Objectives: To provide an overview of the Alliance and demonstrate how stakeholders (eg, patients, policy makers) are meaningfully engaged in all Alliance activities.
Methods: The Alliance is governed by six standing committees to advise on the operation, sustainability, and evaluation of its activities. A key activity of the Alliance is to promote increased use of evidence in health system decision-making by offering a research query service. This service permits stakeholders to submit their health research needs for knowledge synthesis, guidelines, and knowledge translation. An Alliance-affiliated research team then co-produces research findings with input from relevant stakeholders. Collaborative tasks often include creation of the study protocol, and participation in research conduct and dissemination activities.
Results: The Alliance currently includes 250 members who are researchers (60%), trainees (13.2%), policy-makers/healthcare providers (18.4%), and patients (8.4%). Policy-makers/healthcare providers and patients hold 16.4% and 13.7% (respectively) of 73 seats within the governance structure. To date, the Alliance has received 75 queries of which 24 successfully completed queries involved collaboration with 54 knowledge users. The completed queries all addressed a need in knowledge synthesis. Three-quarters of these came from government, 8.0% from another SPOR entity, 8.0% from a guideline developer, 4.0% from a health system manger/care provider, and 4.0% from a multinational health agency. Results from completed queries are anticipated to inform policy or practice by organizations that have a provincial reach (79.2%), national reach (16.7%), or international reach (4.2%).
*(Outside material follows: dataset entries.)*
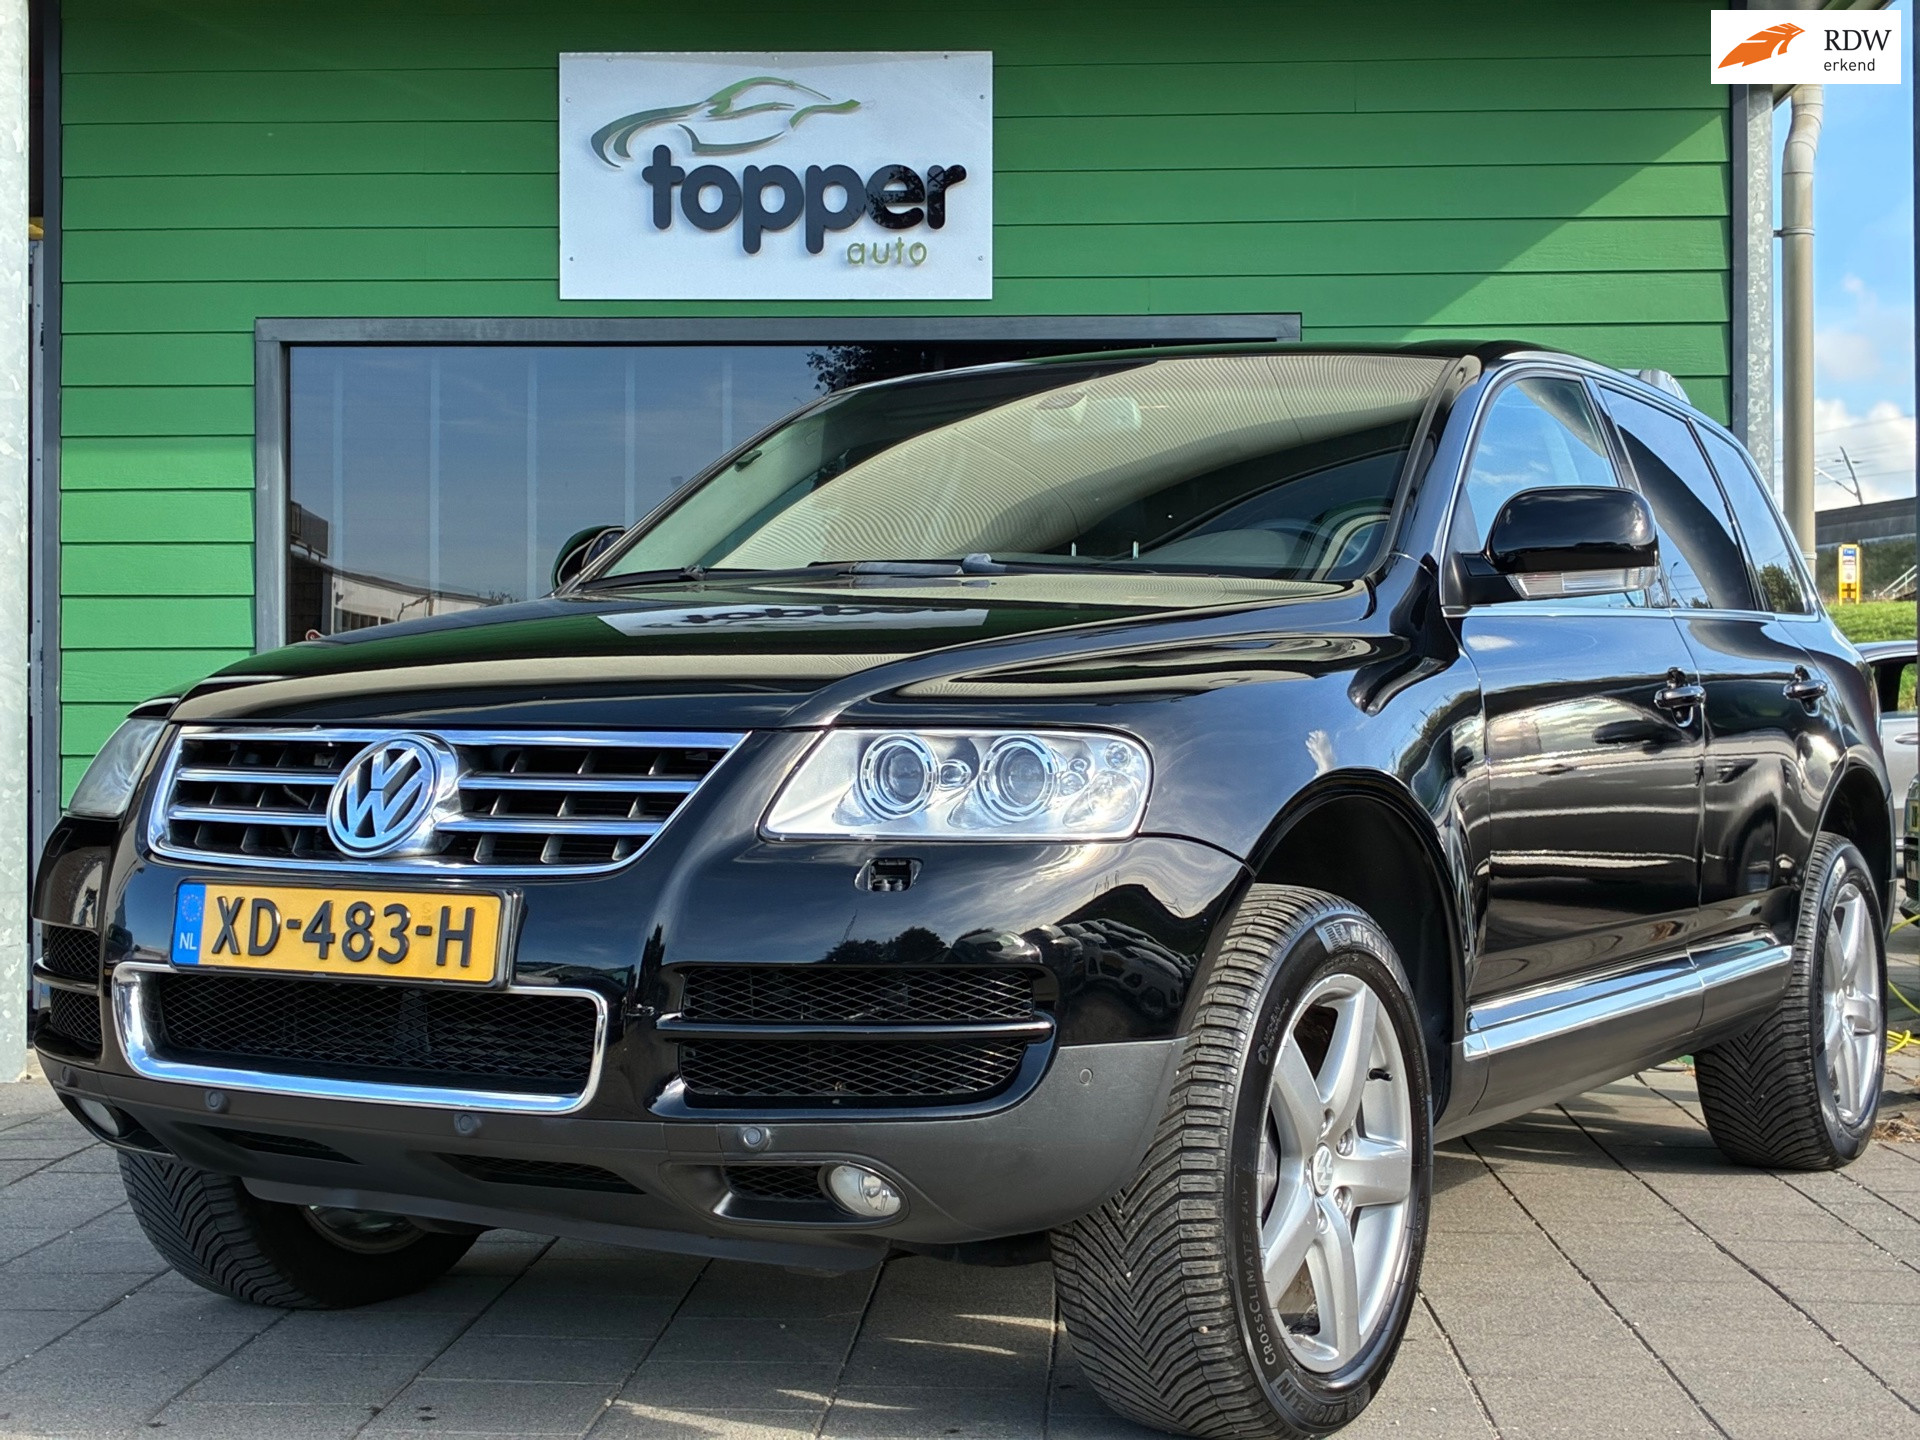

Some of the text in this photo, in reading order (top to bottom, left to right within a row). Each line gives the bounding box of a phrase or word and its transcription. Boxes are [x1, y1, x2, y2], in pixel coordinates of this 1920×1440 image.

[641, 144, 967, 255] topper
[846, 236, 928, 266] auto
[179, 932, 197, 951] NL
[211, 895, 476, 968] XD-483-H
[1242, 1232, 1277, 1366] CROSSCLIMATE
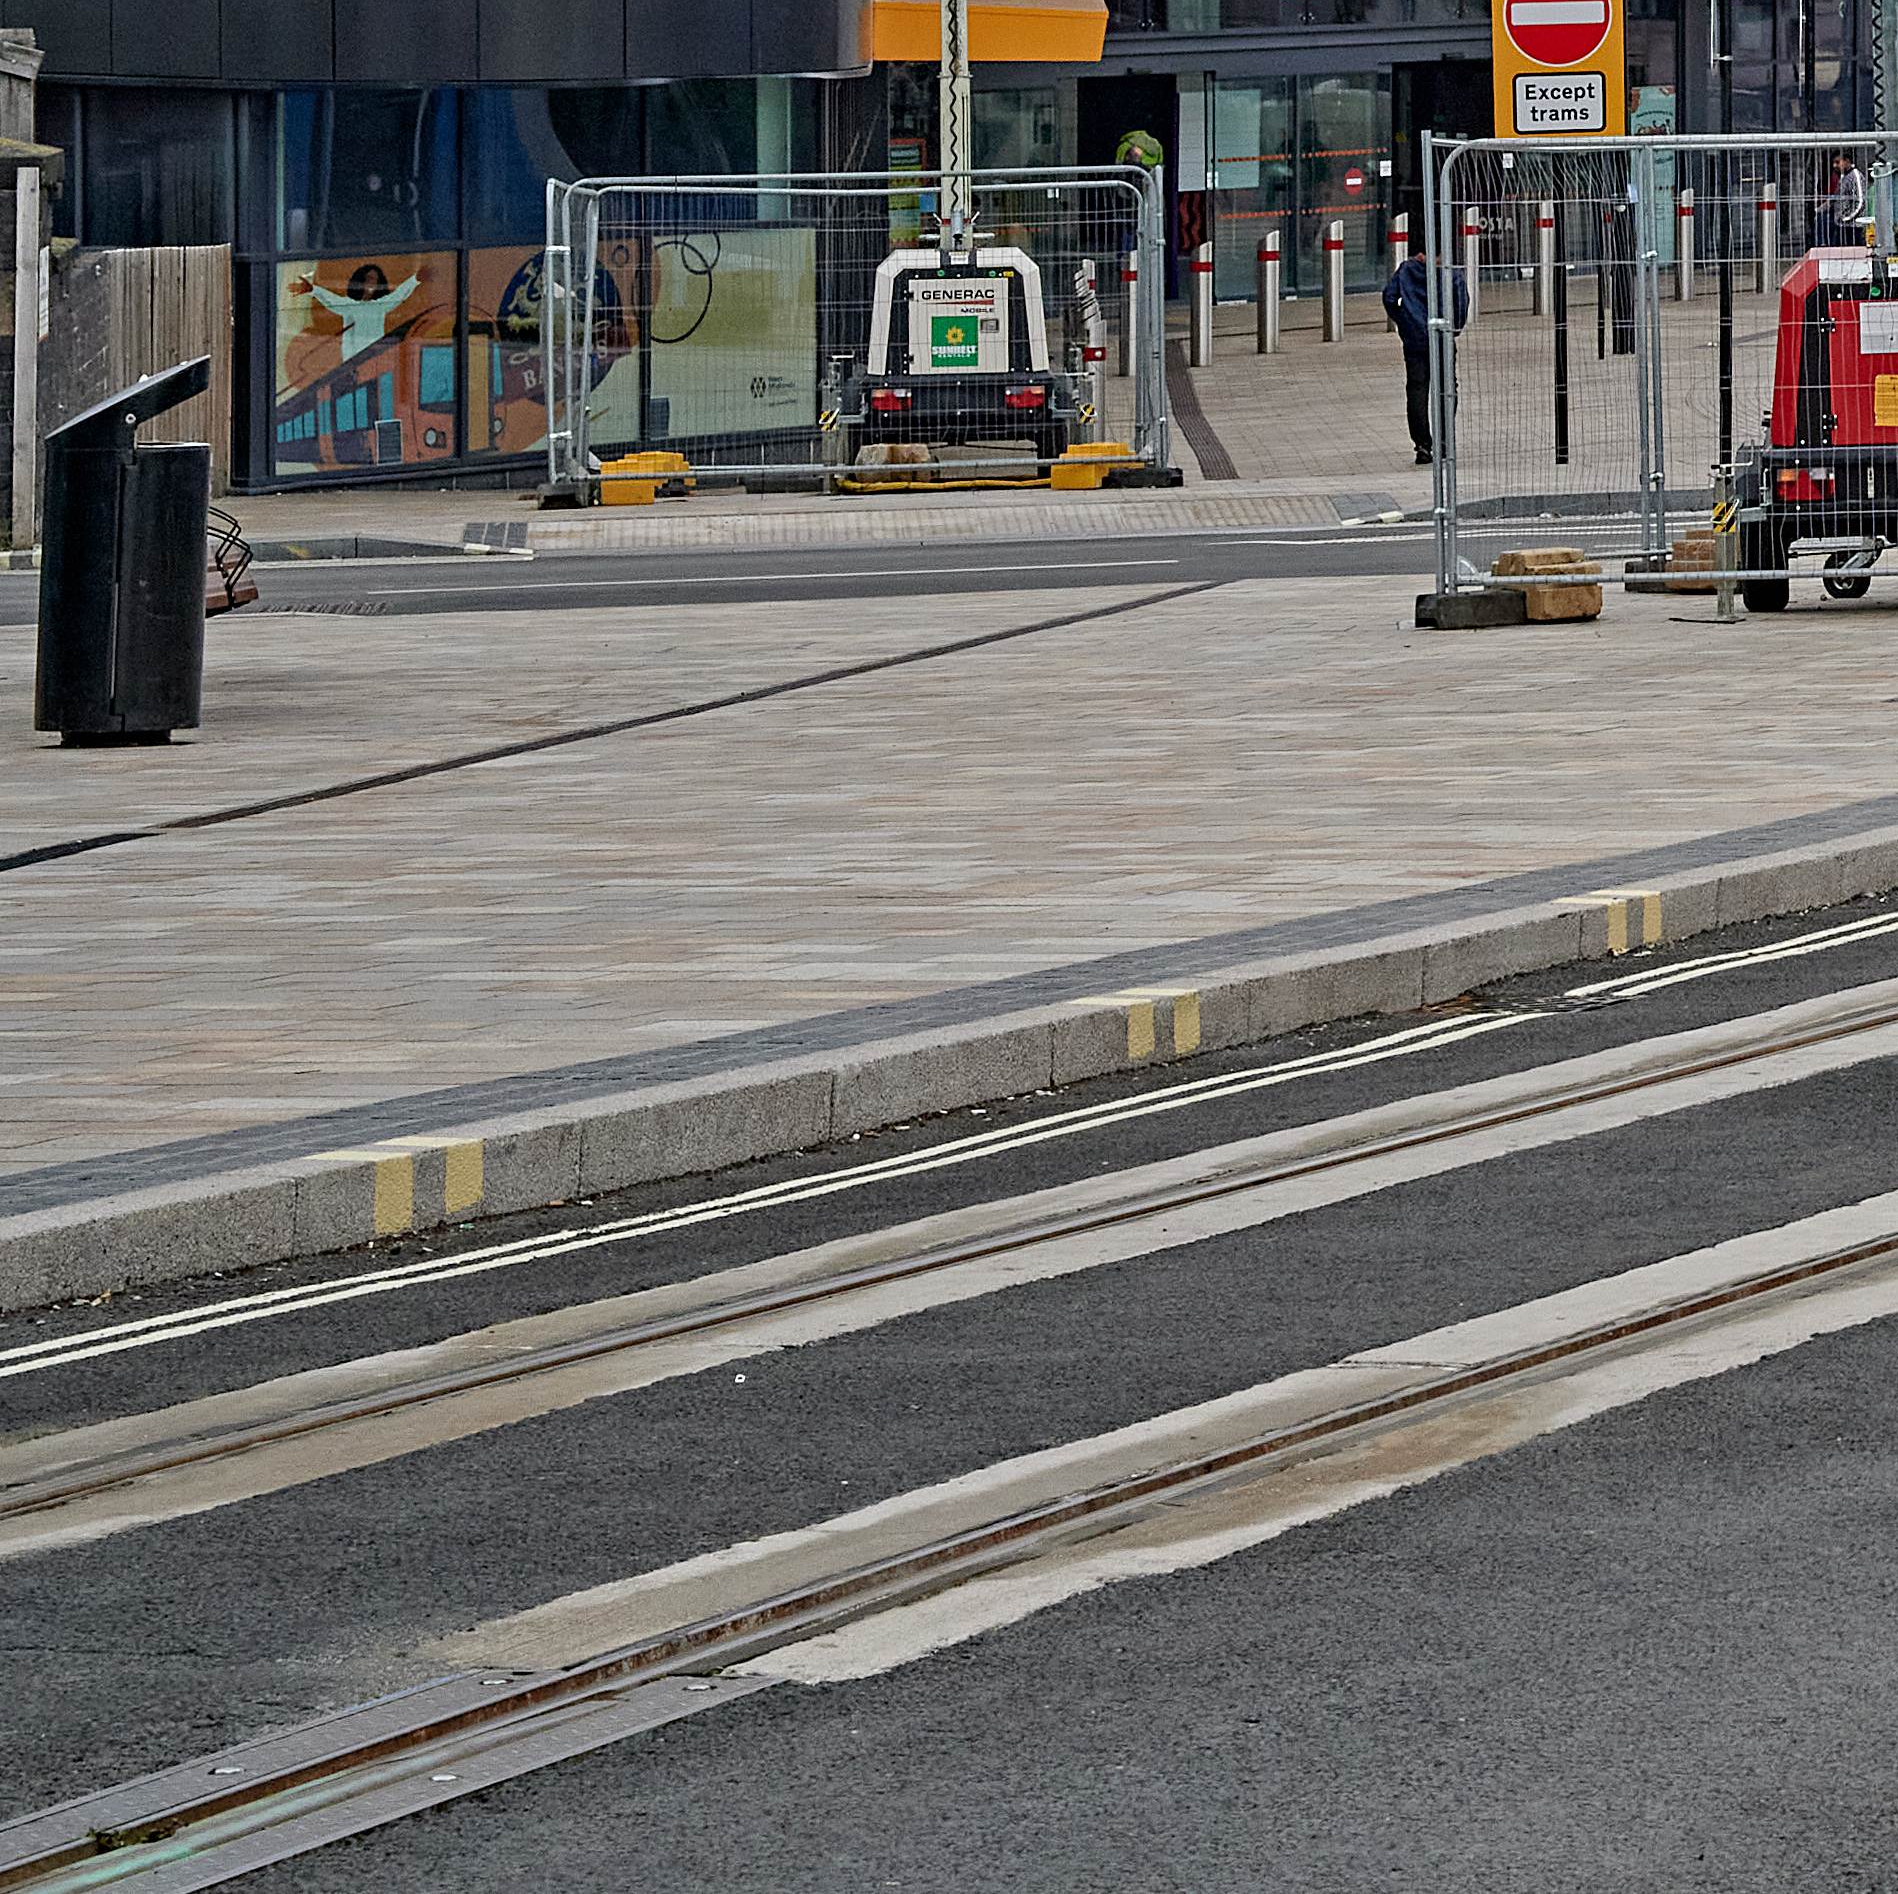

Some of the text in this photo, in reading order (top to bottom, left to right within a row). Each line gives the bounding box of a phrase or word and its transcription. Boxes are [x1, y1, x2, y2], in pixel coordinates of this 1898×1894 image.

[1525, 82, 1596, 102] Except
[1530, 106, 1590, 122] trams
[1478, 216, 1514, 232] OSTA
[921, 289, 995, 300] GENERAC
Conclusions (patient/healthcare consumer involvement): The strength of the Alliance lies in the meaningful engagement of stakeholders (e.g., patients, health system decision-makers) in all activities. Stakeholders provide input into the research agenda and strategic direction of the Alliance, and engage as meaningful partners in the research process. This model of collaboration ensures that efforts to address health research priorities of populations and health systems are appropriately informed and purpose-driven, thereby reducing inefficiencies and waste.